● **YOUR GOAL**
Below are records to transcribe exactly, without their pictures.

● **MATERIAL FOR THE TASK**
• • •

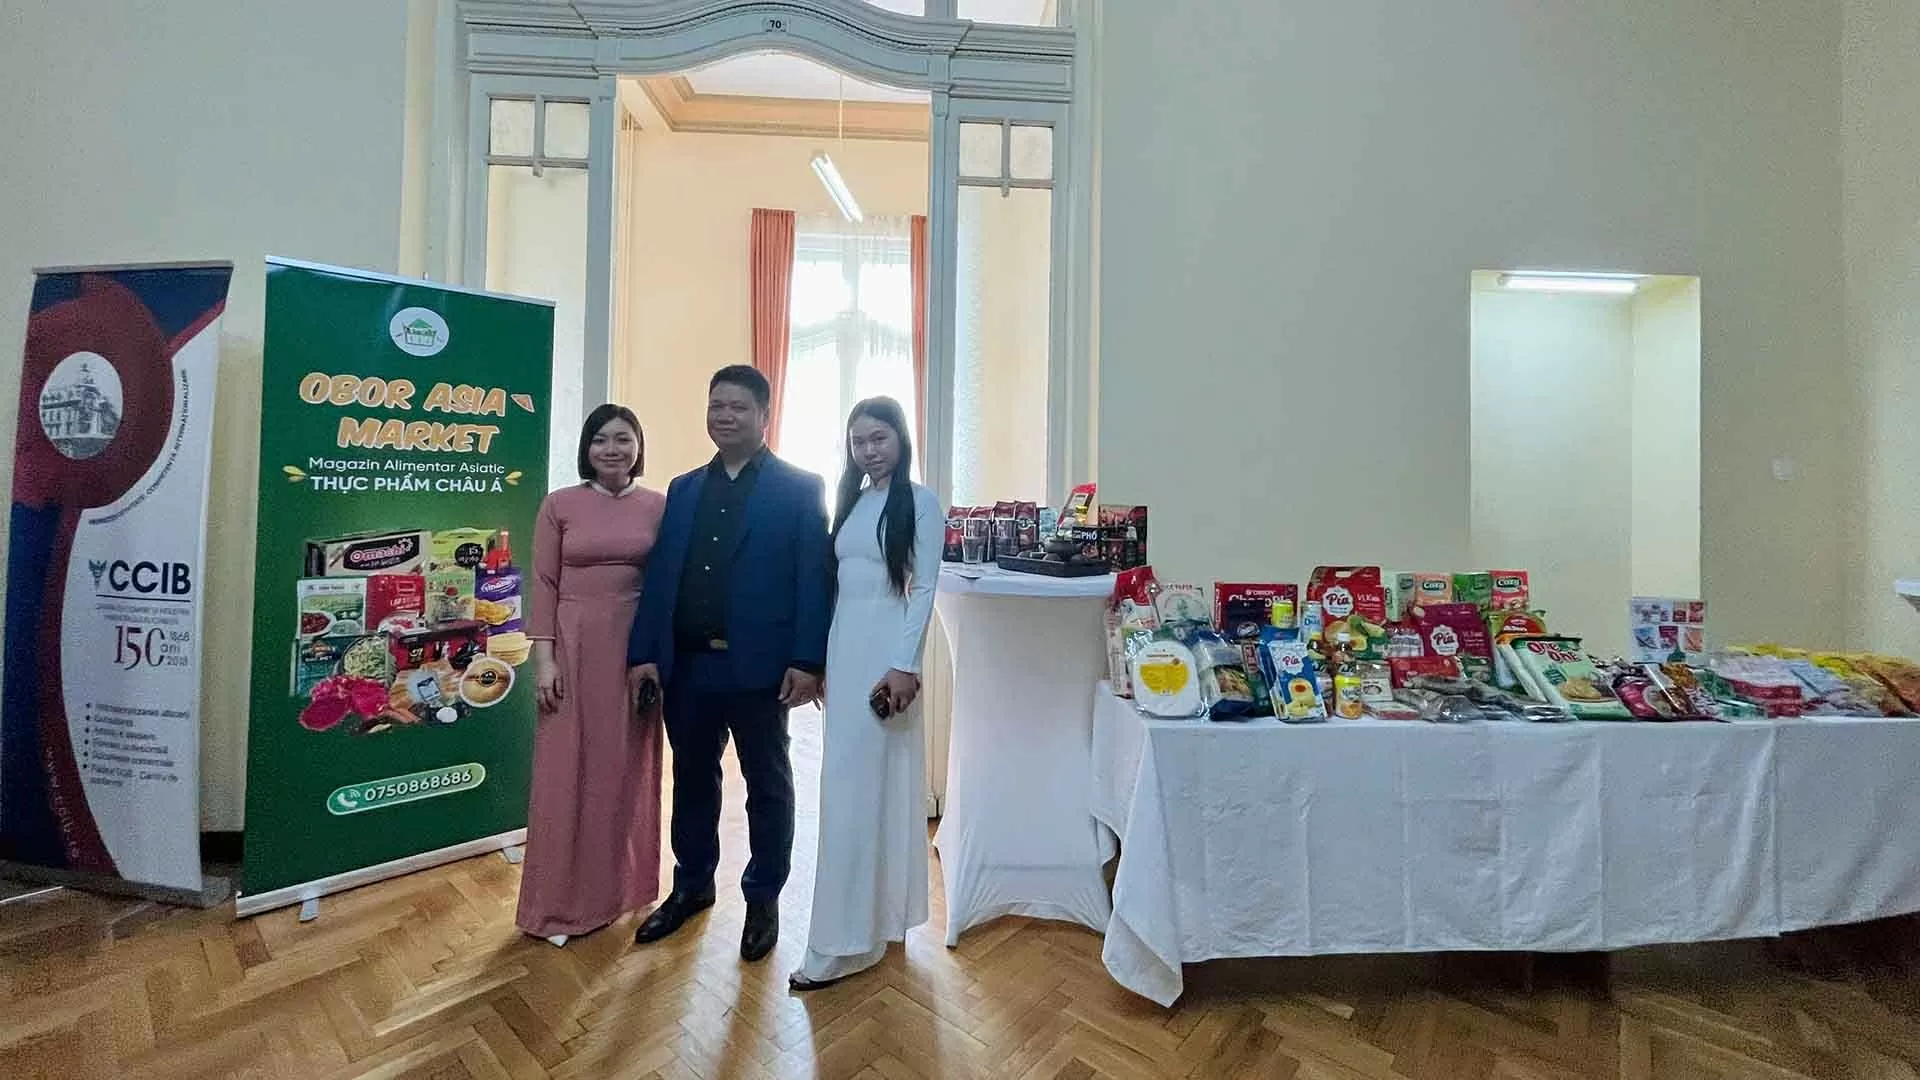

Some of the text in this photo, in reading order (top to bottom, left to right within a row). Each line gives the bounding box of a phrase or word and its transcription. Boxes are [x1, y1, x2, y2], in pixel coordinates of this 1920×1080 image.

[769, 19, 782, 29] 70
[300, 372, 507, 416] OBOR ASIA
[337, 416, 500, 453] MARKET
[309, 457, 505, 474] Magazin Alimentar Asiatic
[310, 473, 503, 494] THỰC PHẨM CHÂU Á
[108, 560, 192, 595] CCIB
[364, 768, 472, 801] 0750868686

• • •

● **SOLVED PROBLEM**
Some of the text in this photo, in reading order (top to bottom, left to right within a row). Each line gives the bounding box of a phrase or word and its transcription. Boxes are [x1, y1, x2, y2], in pixel coordinates of this 1920×1080 image.

[769, 19, 782, 29] 70
[300, 372, 507, 416] OBOR ASIA
[337, 416, 500, 453] MARKET
[309, 457, 505, 474] Magazin Alimentar Asiatic
[310, 473, 503, 494] THỰC PHẨM CHÂU Á
[108, 560, 192, 595] CCIB
[364, 768, 472, 801] 0750868686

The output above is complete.